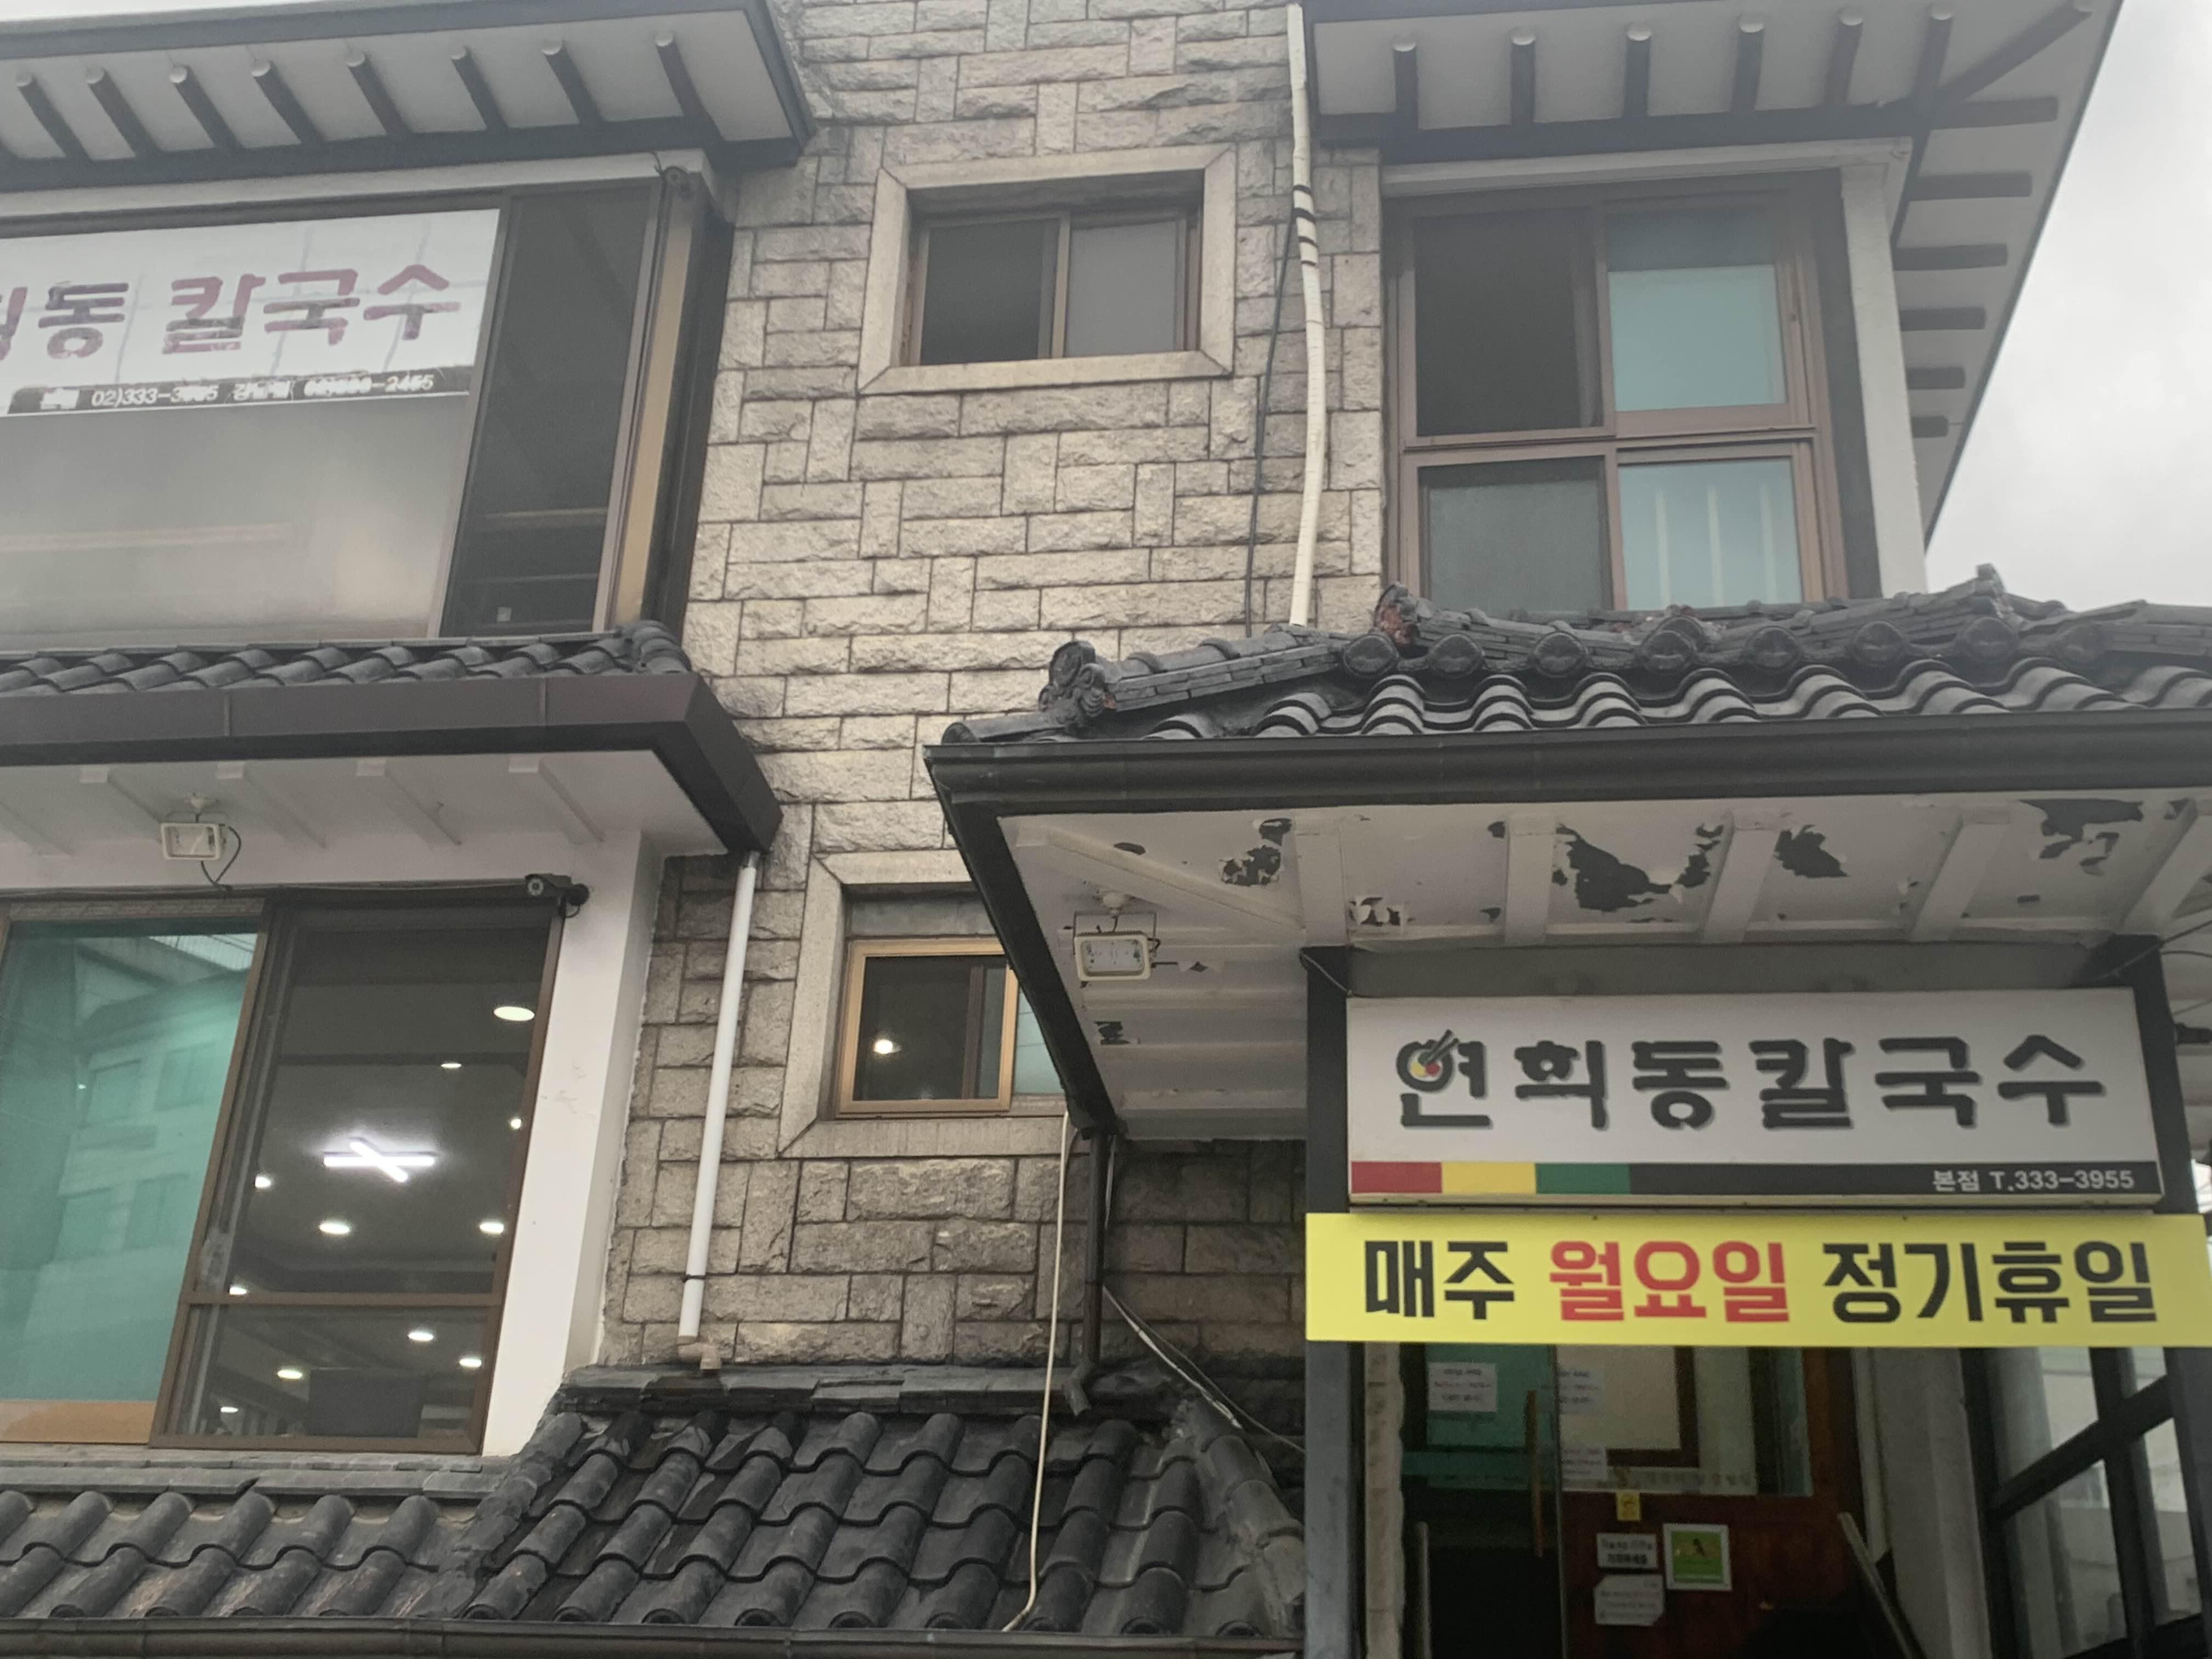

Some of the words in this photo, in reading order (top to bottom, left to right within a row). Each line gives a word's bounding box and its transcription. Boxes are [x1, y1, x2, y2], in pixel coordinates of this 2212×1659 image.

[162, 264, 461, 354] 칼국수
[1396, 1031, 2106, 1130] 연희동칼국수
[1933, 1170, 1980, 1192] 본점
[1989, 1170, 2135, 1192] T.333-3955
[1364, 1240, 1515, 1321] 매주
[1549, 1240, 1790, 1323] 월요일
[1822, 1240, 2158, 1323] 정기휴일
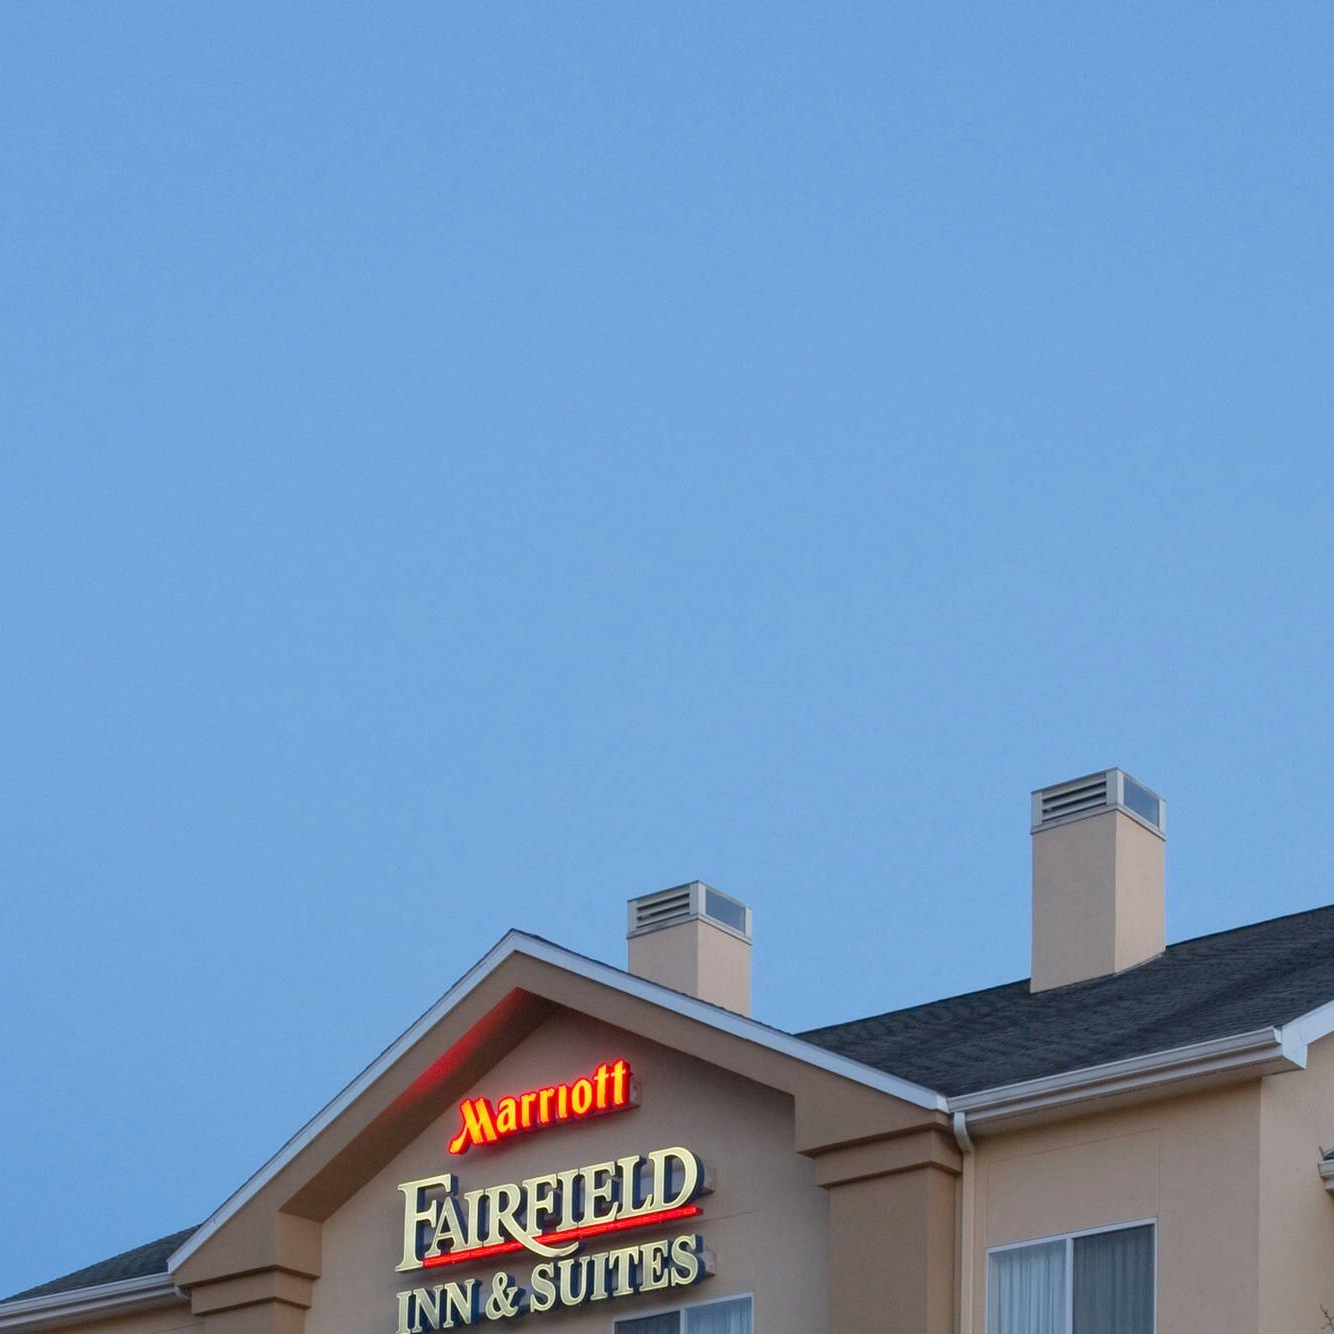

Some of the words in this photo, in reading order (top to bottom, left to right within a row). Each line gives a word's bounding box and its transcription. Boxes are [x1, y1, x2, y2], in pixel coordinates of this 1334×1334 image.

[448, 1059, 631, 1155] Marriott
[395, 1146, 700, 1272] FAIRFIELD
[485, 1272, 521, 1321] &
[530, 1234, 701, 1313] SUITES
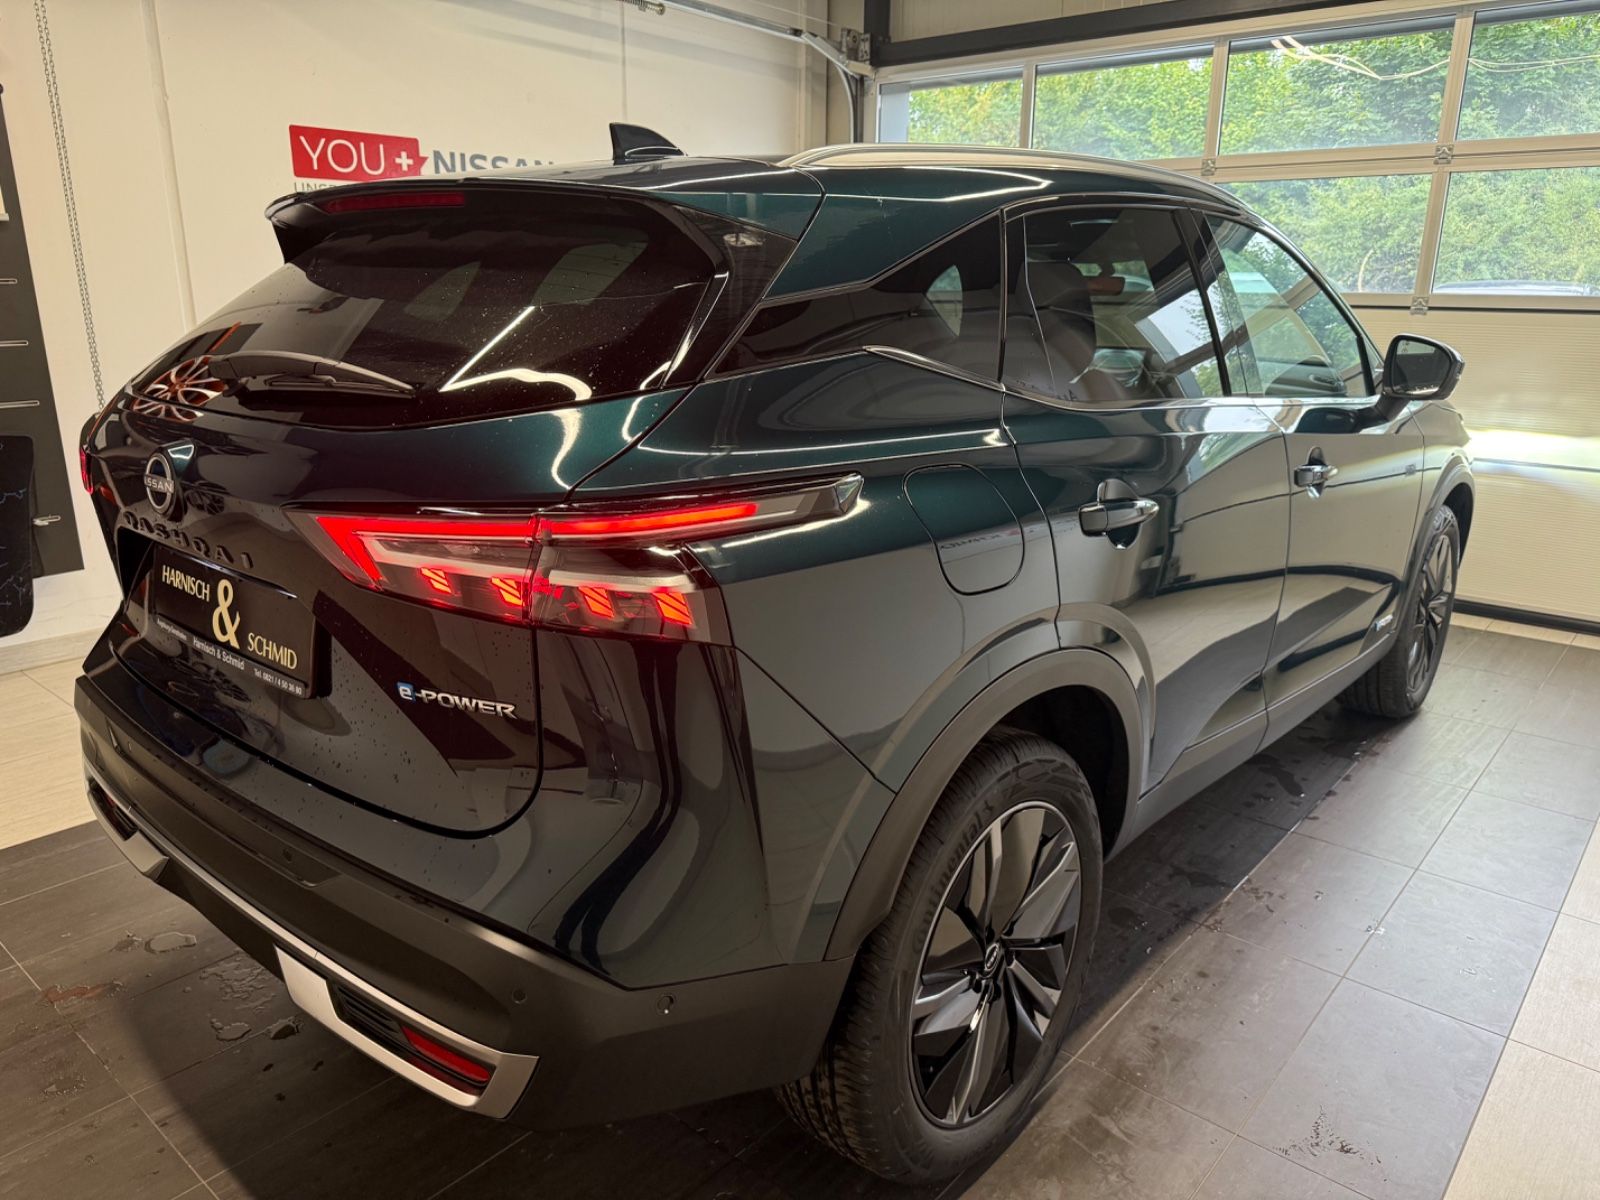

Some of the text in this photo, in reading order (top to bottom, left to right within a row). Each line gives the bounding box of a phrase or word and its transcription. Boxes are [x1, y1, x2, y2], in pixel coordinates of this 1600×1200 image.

##########

--- Problem description ---
Please reproduce the records above exactly, omitting every picture.

--- Answer to the problem ---
Some of the words in this photo, in reading order (top to bottom, left to right within a row). Each line gives a word's bounding box and its transcription. Boxes are [x1, y1, x2, y2], in pixel coordinates of this 2212×1659 image.

[162, 264, 461, 354] 칼국수
[1396, 1031, 2106, 1130] 연희동칼국수
[1933, 1170, 1980, 1192] 본점
[1989, 1170, 2135, 1192] T.333-3955
[1364, 1240, 1515, 1321] 매주
[1549, 1240, 1790, 1323] 월요일
[1822, 1240, 2158, 1323] 정기휴일

Some of the words in this photo, in reading order (top to bottom, left to right within a row). Each line gives a word's bounding box and its transcription. Boxes are [x1, y1, x2, y2], in pixel coordinates of this 1334×1334 image.

[448, 1059, 631, 1155] Marriott
[395, 1146, 700, 1272] FAIRFIELD
[485, 1272, 521, 1321] &
[530, 1234, 701, 1313] SUITES

Some of the text in this photo, in reading order (top to bottom, left to right within a row). Each line gives the bounding box of a phrase or word and its transcription. Boxes are [x1, y1, x2, y2], in pixel coordinates of this 1600×1200 image.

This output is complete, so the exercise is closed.